The police officers who shot 12-year-old Tamir Rice while he was holding a BB gun did not give him first aid and watched him lie in agony for four minutes, Cleveland authorities have revealed.
Footage shows rookie Timothy Loehmann shooting the youngster within two seconds of his squad car arriving at the scene last weekend following a 911 call that said the weapon was 'probably fake'.
However the video does not show how him and his colleague Frank Gramback reacted.
ABC 5 have reported that the boy did not receive medical attention until four minutes after the shooting in the Ohio city, with two other officials coming to the scene to give the boy help.
A detective and FBI agent who were in the area responded to the call for help and began giving medical help to Rice three minutes and 49 seconds after he was hit, Deputy Chief Ed Tomba said.
Dan Williams, a spokesman for Mayor Frank Jackson, said all of the officers' actions are under investigation. Two of the officers are on administrative leave.
He added that he was unsure of the regulations when it comes to giving medical help to a police shooting victim.
Tamir's family said in a statement released by their attorneys that they hope Cleveland police and Cuyahoga County prosecutors 'thoroughly examine' what happened at the park that day.
'It is our belief that this situation could have been avoided and that Tamir should still be here with us,' said the family. 'The video shows one thing distinctly: the police officers reacted quickly.'
On Saturday, a person had called 911 about a male pointing a gun at others at the park. The caller told the 911 dispatcher that the gun was 'probably fake,' then added, 'I don't know if it's real or not.'
Newly-released audio showed that the dispatcher did not pass on this concern to the responding officers
The patrol officer who shot Tamir was identified Wednesday as Timothy Loehmann, a 26-year-old rookie who has been on the force in Cleveland for just a little over eight months.
He previously spent five months in 2012 with a department in suburban Independence, but four of those months were in that city's police academy.
Loehmann's partner that day was identified as Frank Garmback, 46. He has been with the department since 2008. Both are on paid administrative leave pending a decision by the Cuyahoga County prosecutor's office whether to pursue any criminal charges.
Much of the video footage shows Tamir wandering alone in a park on an unseasonably warm November afternoon.
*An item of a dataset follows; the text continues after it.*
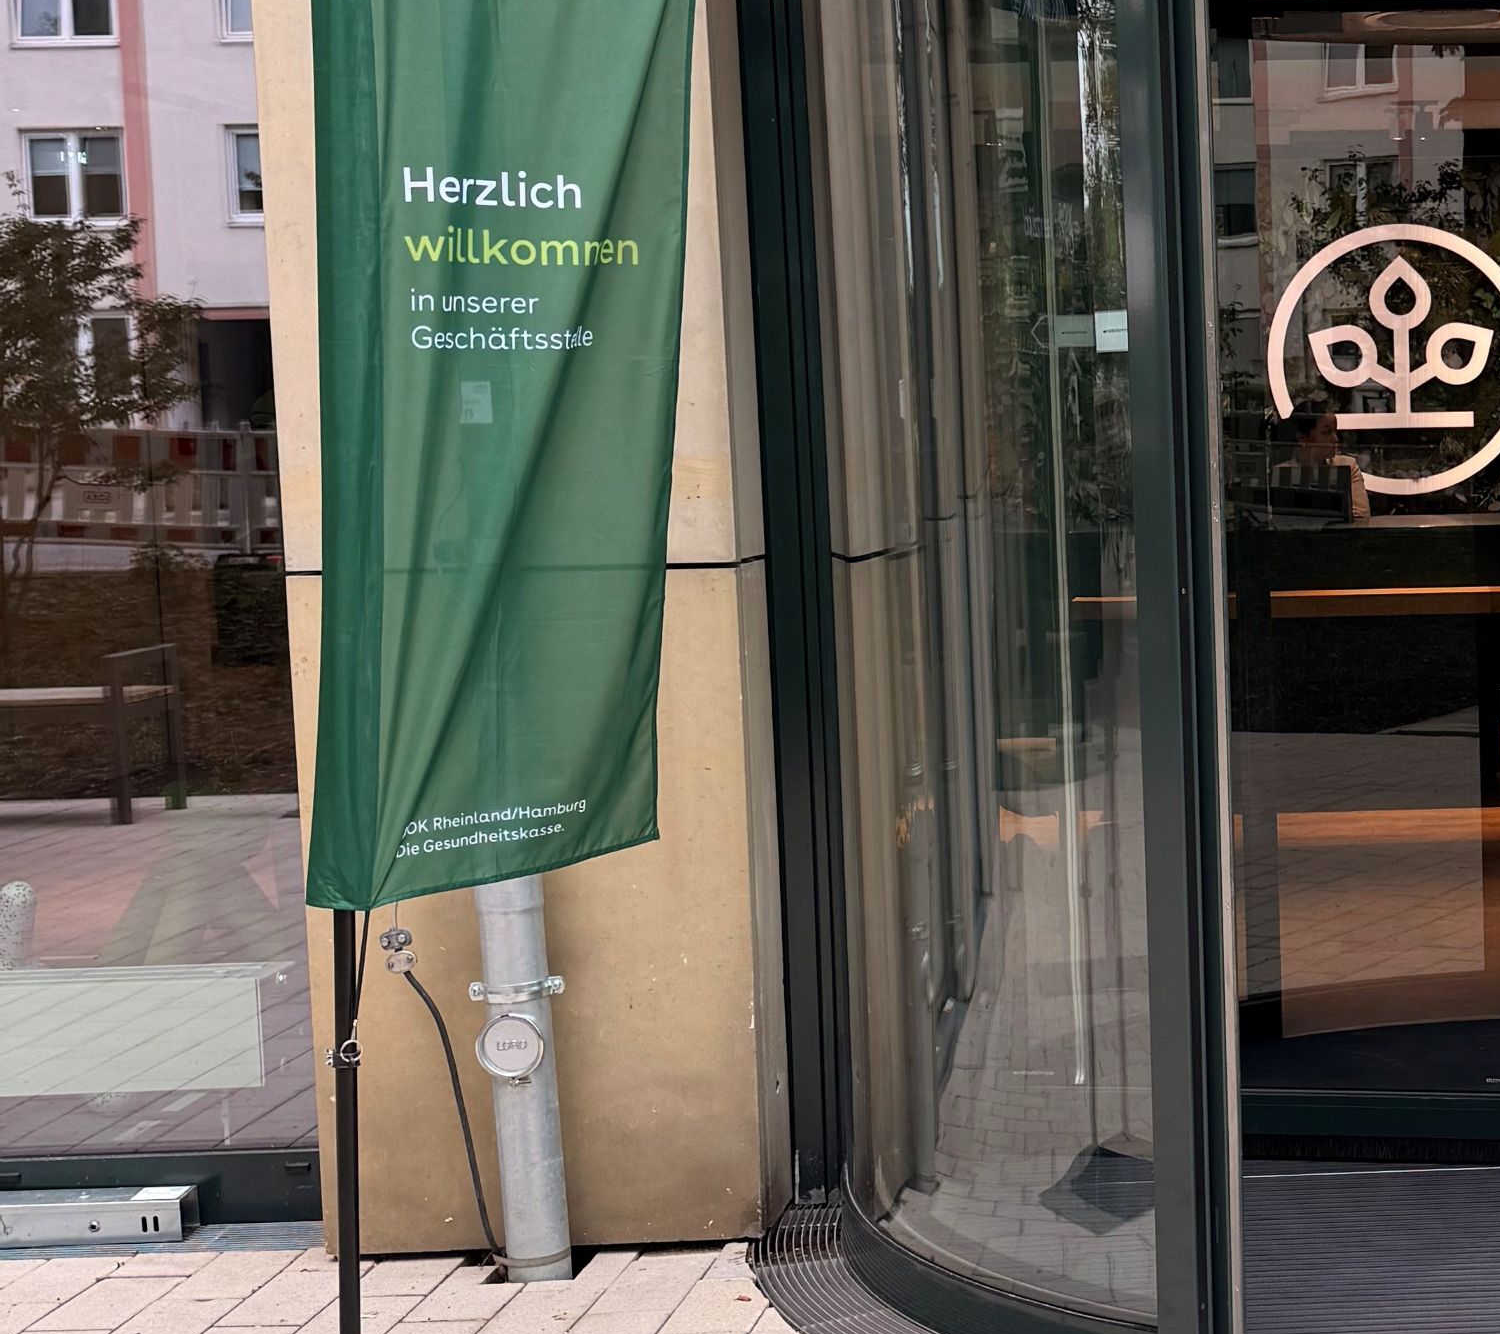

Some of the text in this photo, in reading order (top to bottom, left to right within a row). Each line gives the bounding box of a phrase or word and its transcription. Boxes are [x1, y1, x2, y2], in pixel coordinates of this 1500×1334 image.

He is seen pacing, occasionally extending his right arm with what appears to be a gun in his hand, talking on a cellphone and sitting at a picnic table with his head resting on his arms.
The black gun in his hands was a fake. It can be bought at sporting goods stores for less than $20. Tamir's was lacking the orange safety indicator usually found on the barrel and, from a distance, was indistinguishable from a real firearm.
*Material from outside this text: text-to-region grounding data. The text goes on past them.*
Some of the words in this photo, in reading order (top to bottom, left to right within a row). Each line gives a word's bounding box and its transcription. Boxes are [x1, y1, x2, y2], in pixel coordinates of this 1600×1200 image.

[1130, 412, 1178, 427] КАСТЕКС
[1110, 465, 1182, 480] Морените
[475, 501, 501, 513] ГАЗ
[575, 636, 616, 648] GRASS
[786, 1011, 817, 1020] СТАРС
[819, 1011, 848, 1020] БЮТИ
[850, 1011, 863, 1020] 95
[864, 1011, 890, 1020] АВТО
'The guy keeps pulling it out of his pants and pointing it at people,' the 911 caller told the dispatcher, adding that it was 'scaring the s***' out of him.
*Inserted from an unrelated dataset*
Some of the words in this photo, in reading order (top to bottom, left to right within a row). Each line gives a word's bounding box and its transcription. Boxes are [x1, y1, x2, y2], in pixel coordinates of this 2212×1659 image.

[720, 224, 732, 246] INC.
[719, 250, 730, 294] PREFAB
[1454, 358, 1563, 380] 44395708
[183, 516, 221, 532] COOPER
'I don't know if it's real or not,' he added
The female dispatcher then put out a call for officers, but did not tell them that the weapon might be a fake, audio showed. Officers headed to the scene.
On the footage, the 911 caller then leaves the gazebo and the boy heads beneath the shelter, with the gun visible in his hand. Again, he can be seen raising the gun and pointing it as he walks around.
At one moment, Tamir is sitting at a picnic table in a gazebo. He stands and a police car zooms into the frame from the right and stops on the grass, just a few feet from Tamir.
The passenger door swings open and Loehmann opens fire on Tamir before Garmback can get out the driver's side door.
While the car was was pulling up, Loehmann yelled through his open door three times, telling the boy to raise his hands, but Rice did not follow the order, Deputy Chief Tomba said. The footage has no audio.
It's unclear how far the boy was from Loehmann when the officer shot him, but Deputy Chief Ed Tomba said Wednesday that it was less than 10 feet.
The low-resolution video shows Tamir - who the cops thought was about 20 years old - reaching to his waistband and then bending over after being shot. His body is mostly obscured by the patrol car when he falls to the ground.